## Material provided
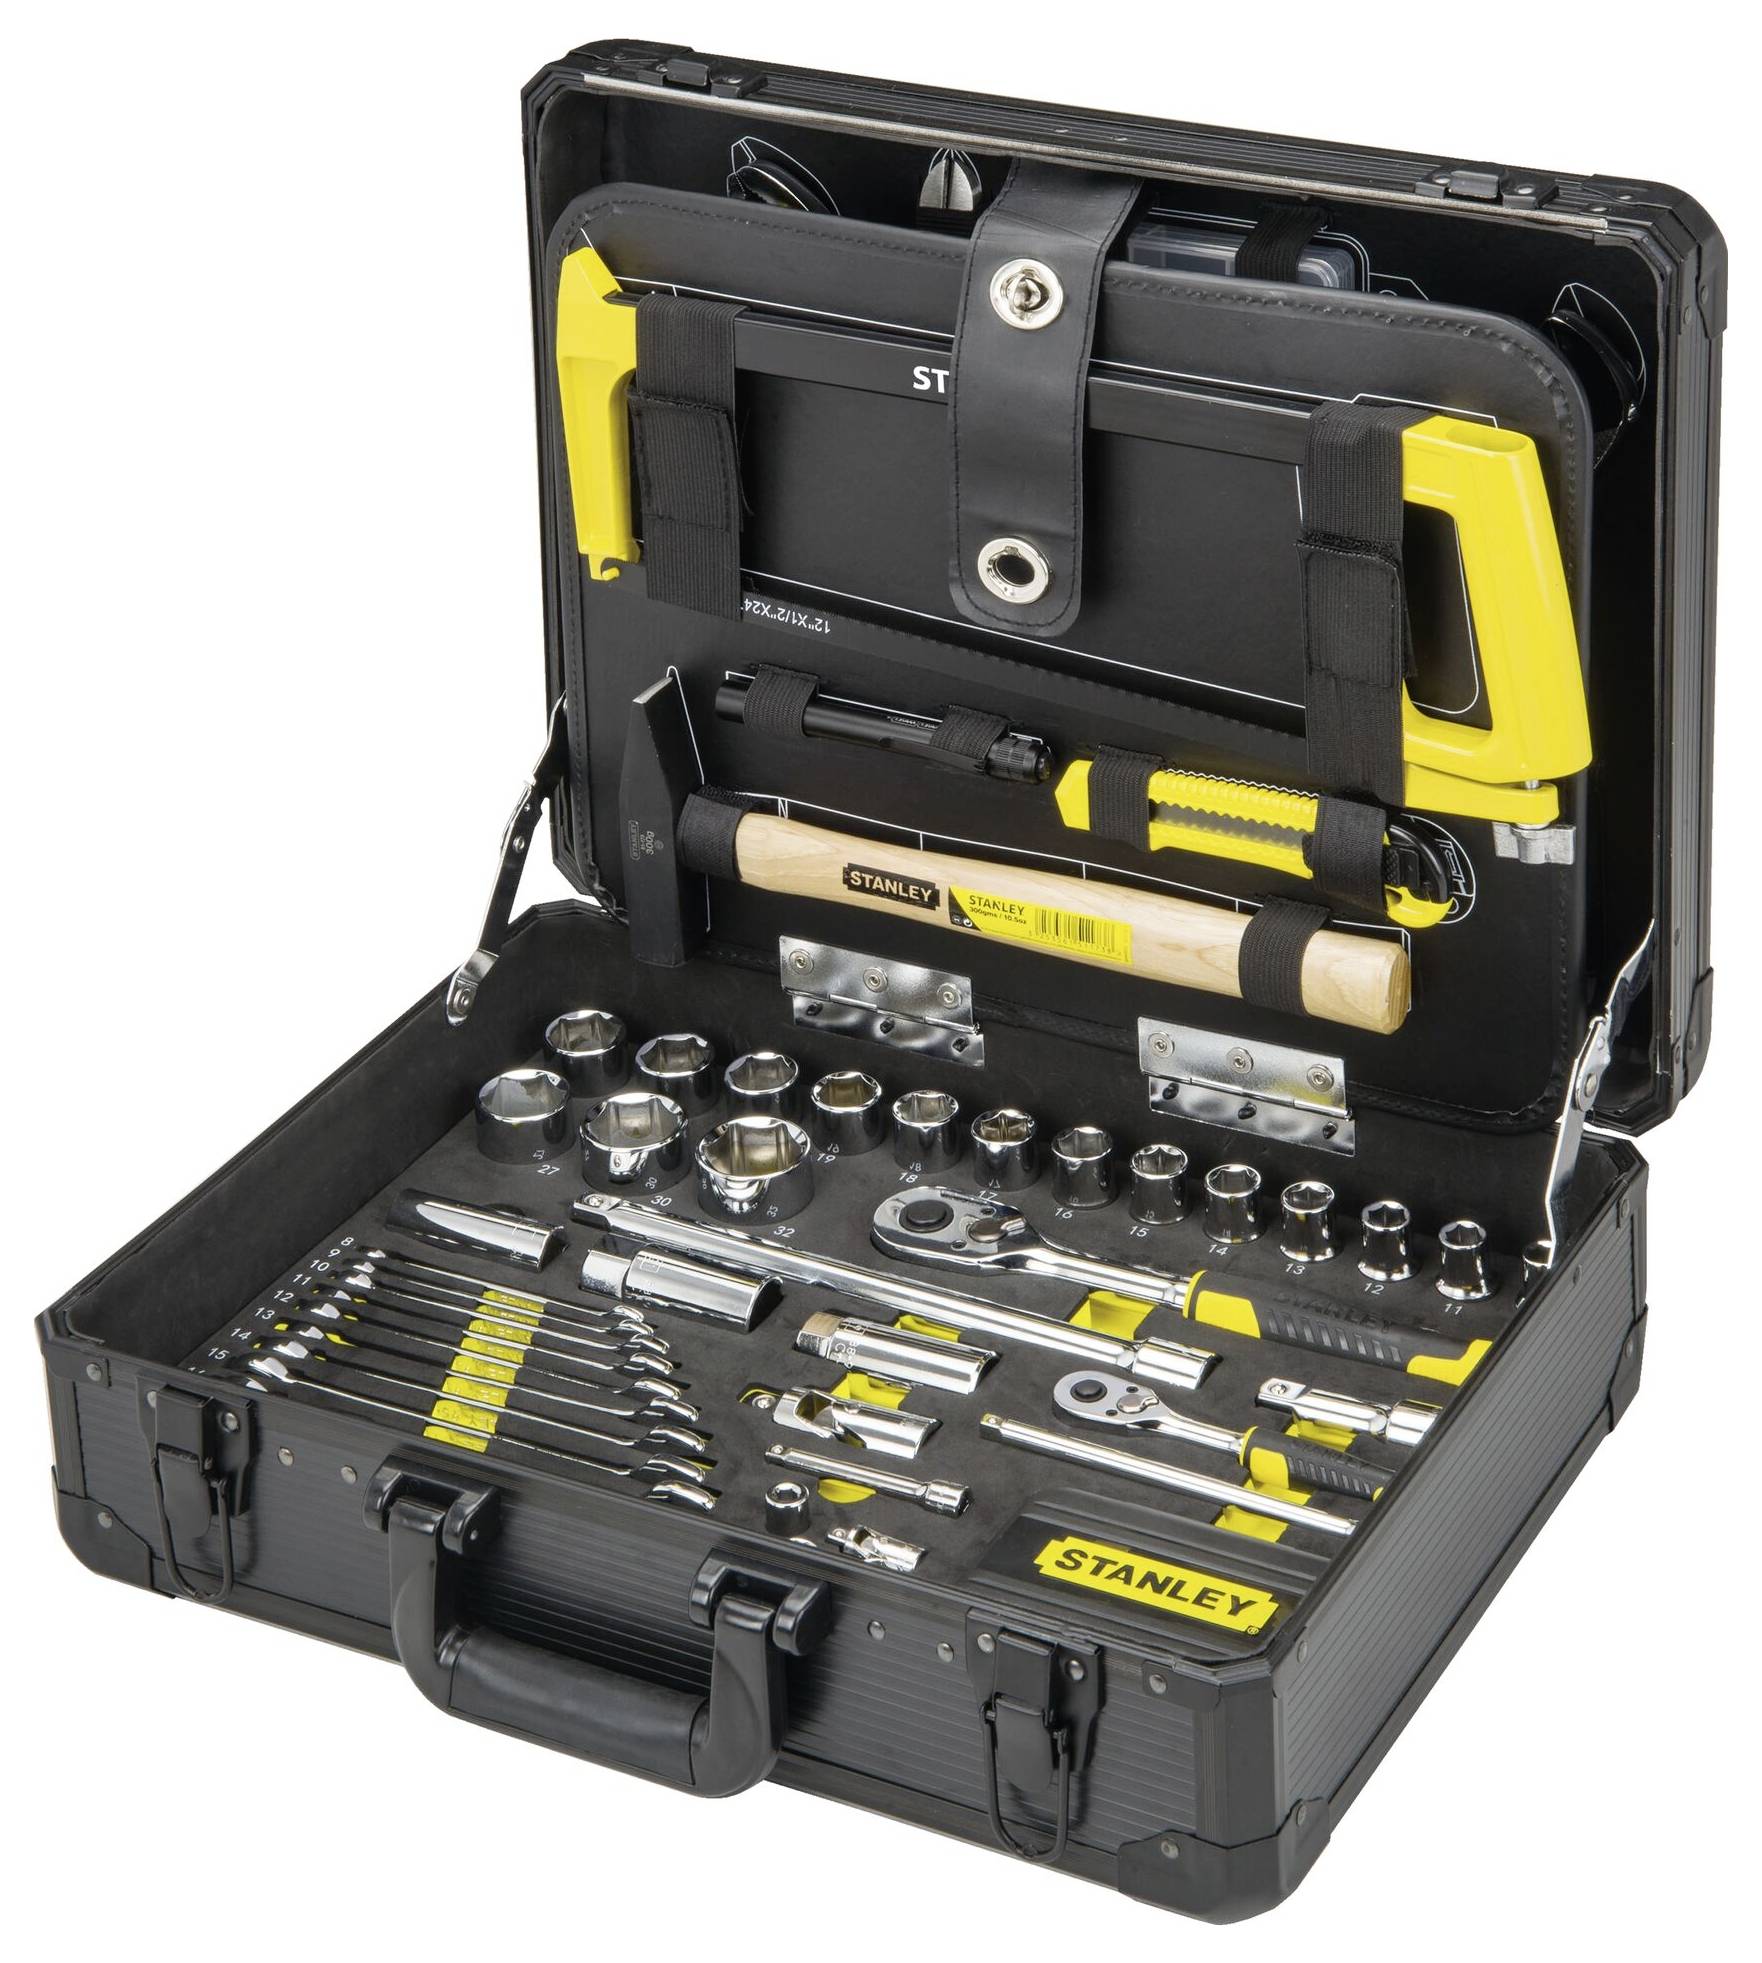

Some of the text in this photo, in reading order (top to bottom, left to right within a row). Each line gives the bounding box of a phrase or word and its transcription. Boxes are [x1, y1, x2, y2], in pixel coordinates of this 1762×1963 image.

[912, 365, 950, 394] ST
[740, 598, 831, 634] 12"X1/2"X24
[850, 870, 932, 902] STANLEY
[968, 894, 1025, 916] STANLEY
[817, 1152, 837, 1164] 19
[536, 1164, 561, 1177] 27
[899, 1171, 919, 1184] 18
[650, 1195, 673, 1208] 30
[977, 1190, 999, 1201] 17
[1054, 1207, 1074, 1220] 16
[773, 1225, 796, 1238] 32
[1128, 1225, 1150, 1238] 15
[340, 1236, 354, 1247] 8
[328, 1248, 341, 1258] 9
[1208, 1244, 1230, 1257] 14
[310, 1259, 330, 1272] 10
[1284, 1263, 1306, 1276] 13
[292, 1273, 312, 1286] 11
[1363, 1282, 1385, 1296] 12
[273, 1289, 295, 1303] 12
[254, 1306, 276, 1320] 13
[1443, 1302, 1464, 1316] 11
[230, 1327, 253, 1341] 14
[207, 1346, 230, 1360] 15
[1055, 1548, 1257, 1617] STANLEY

## The task
Give the records again exactly, minus the pictures.

## Result of the exercise
Some of the text in this photo, in reading order (top to bottom, left to right within a row). Each line gives the bounding box of a phrase or word and its transcription. Boxes are [x1, y1, x2, y2], in pixel coordinates of this 1762×1963 image.

[912, 365, 950, 394] ST
[740, 598, 831, 634] 12"X1/2"X24
[850, 870, 932, 902] STANLEY
[968, 894, 1025, 916] STANLEY
[817, 1152, 837, 1164] 19
[536, 1164, 561, 1177] 27
[899, 1171, 919, 1184] 18
[650, 1195, 673, 1208] 30
[977, 1190, 999, 1201] 17
[1054, 1207, 1074, 1220] 16
[773, 1225, 796, 1238] 32
[1128, 1225, 1150, 1238] 15
[340, 1236, 354, 1247] 8
[328, 1248, 341, 1258] 9
[1208, 1244, 1230, 1257] 14
[310, 1259, 330, 1272] 10
[1284, 1263, 1306, 1276] 13
[292, 1273, 312, 1286] 11
[1363, 1282, 1385, 1296] 12
[273, 1289, 295, 1303] 12
[254, 1306, 276, 1320] 13
[1443, 1302, 1464, 1316] 11
[230, 1327, 253, 1341] 14
[207, 1346, 230, 1360] 15
[1055, 1548, 1257, 1617] STANLEY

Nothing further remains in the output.